Watauga Democrat
- Front page on August 31, 2016
- Type: Weekly newspaper
- Owner: Adams MultiMedia
- Publisher: Gene Fowler
- Editor: Moss Brennan
- Founded: 1888
- Headquarters: Boone, North Carolina
- Circulation: 1,716 (as of 2021)
- Website: wataugademocrat.com

= Watauga Democrat =

Newspaper in Boone, North Carolina, United States

The Watauga Democrat is a weekly newspaper published in Boone, North Carolina. It was first published in 1888 to share news about the local Democratic Party; today, it chronicles general local news in Watauga County.

The Watauga Democrat was named a newspaper of general excellence by the North Carolina Press Association.

==History==
The Watauga Democrat began as a political newspaper but quickly evolved into a highly respected non-partisan publication. In July 1888, Joseph Spainhour began printing a weekly newspaper he named the Watauga Democrat. The newspaper's stated mission was to be "the voice of the Watauga Democrat Party."

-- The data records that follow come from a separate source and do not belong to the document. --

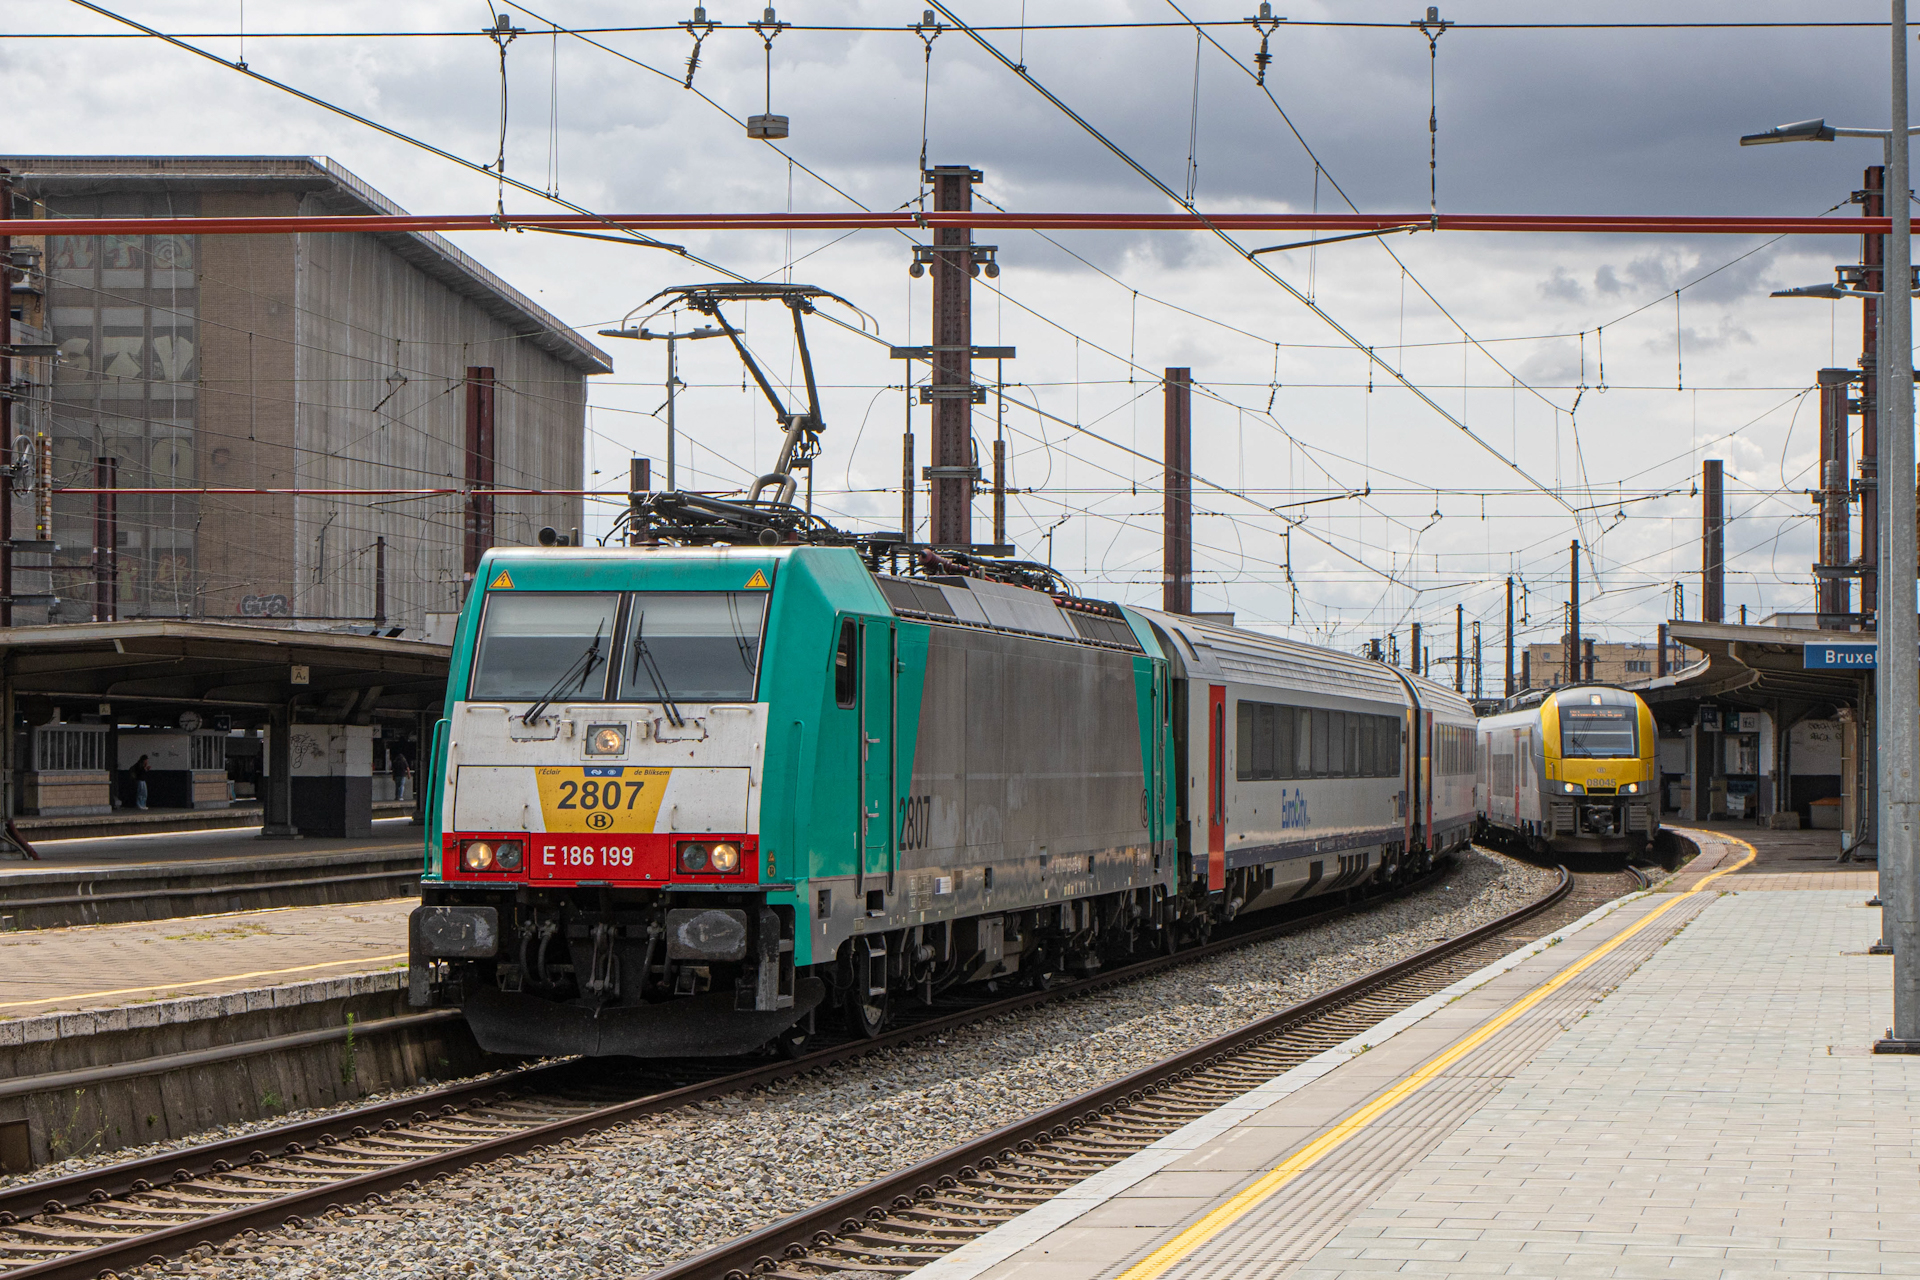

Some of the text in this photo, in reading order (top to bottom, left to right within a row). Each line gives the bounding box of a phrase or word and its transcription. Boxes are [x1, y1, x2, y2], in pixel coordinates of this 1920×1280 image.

[644, 768, 670, 776] Bliksem
[1586, 778, 1617, 787] 08045
[557, 781, 644, 810] 2807
[899, 795, 931, 851] 2807
[543, 845, 634, 866] E 186 199

One year later, the Democrat was purchased by D.B. and D.D. Dougherty and R.C. Rivers. Rivers subsequently bought out the Doughertys and became sole owner. Early issues of the Democrat were printed on a hand-operated press capable of printing only one page at a time. Each edition had a maximum of four pages. A one-year subscription in 1888 was $1, and a one-inch classified ad could be bought for 75 cents.

In 1933, Rivers handed the role of publisher to his son, Robert Campbell Rivers Jr. The younger Rivers continued to operate the Democrat until his death in 1975. Rachel Rivers-Coffey took over as publisher of the Democrat following her father's death in 1975. She served as publisher for almost two decades, until the Democrat was bought by Eugene and Anne Worrell, who at that time also owned the Bristol Herald Courier in nearby Bristol, Virginia and The Daily Progress in Charlottesville, Virginia.

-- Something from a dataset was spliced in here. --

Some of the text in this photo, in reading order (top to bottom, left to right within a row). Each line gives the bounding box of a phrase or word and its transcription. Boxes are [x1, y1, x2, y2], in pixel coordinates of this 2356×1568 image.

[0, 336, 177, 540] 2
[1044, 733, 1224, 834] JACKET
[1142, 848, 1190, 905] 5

In 1997, the Worrells sold the Watauga Democrat to Arthur and Fran Powers. The Powers operated the Democrat until 2002, when it was acquired by Jones Media, owner of the rival free weekly Mountain Times. With that sale, Jones Media owned five community news papers in the High Country: Watauga Democrat, The Avery Journal-Times, Mountain Times, Ashe Mountain Times and The Blowing Rocket.

On Sept. 1, 2016, Jones Media's assets were sold to the family-owned Adams Publishing Group, based in Minneapolis, Minnesota, and chaired by Steve Adams. In 2017, Ashe Mountain Times changed its name to Ashe Post & Times when Adams Publishing Group acquired the Jefferson Post, combining the two Ashe County newspapers.

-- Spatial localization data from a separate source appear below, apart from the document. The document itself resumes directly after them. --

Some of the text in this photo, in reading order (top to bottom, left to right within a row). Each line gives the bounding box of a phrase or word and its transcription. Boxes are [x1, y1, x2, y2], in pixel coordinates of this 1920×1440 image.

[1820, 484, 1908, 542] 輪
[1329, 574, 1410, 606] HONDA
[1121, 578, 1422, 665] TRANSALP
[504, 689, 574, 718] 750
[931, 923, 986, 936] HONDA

Adams Publishing Group owns and operates 100 community newspapers in 11 states, including the acquisition of five newspaper publishing companies in 2016, which included the Jones Media Group, parent company of The Blowing Rocket. APG company is based in Minneapolis, Minnesota. In addition to its community newspaper company, the Adams family owns radio stations, outdoor advertising companies, a wine distribution business, label printing companies and a large interest in Camping World Holdings, a publicly traded national network of RV dealers, affinity programs, the Good Sam Club and other RV-related products and services.

In 2024, the Watauga Democrat played a crucial role in providing essential information to the community during Hurricane Helene. The newspaper continued to report on the severe flooding and destruction in Watauga County, even as its staff faced power outages and communication disruptions. The editor-in-chief at the time, Moss Brennan, worked to deliver updates on rescue efforts and emergency services while also assisting in swift-water rescues.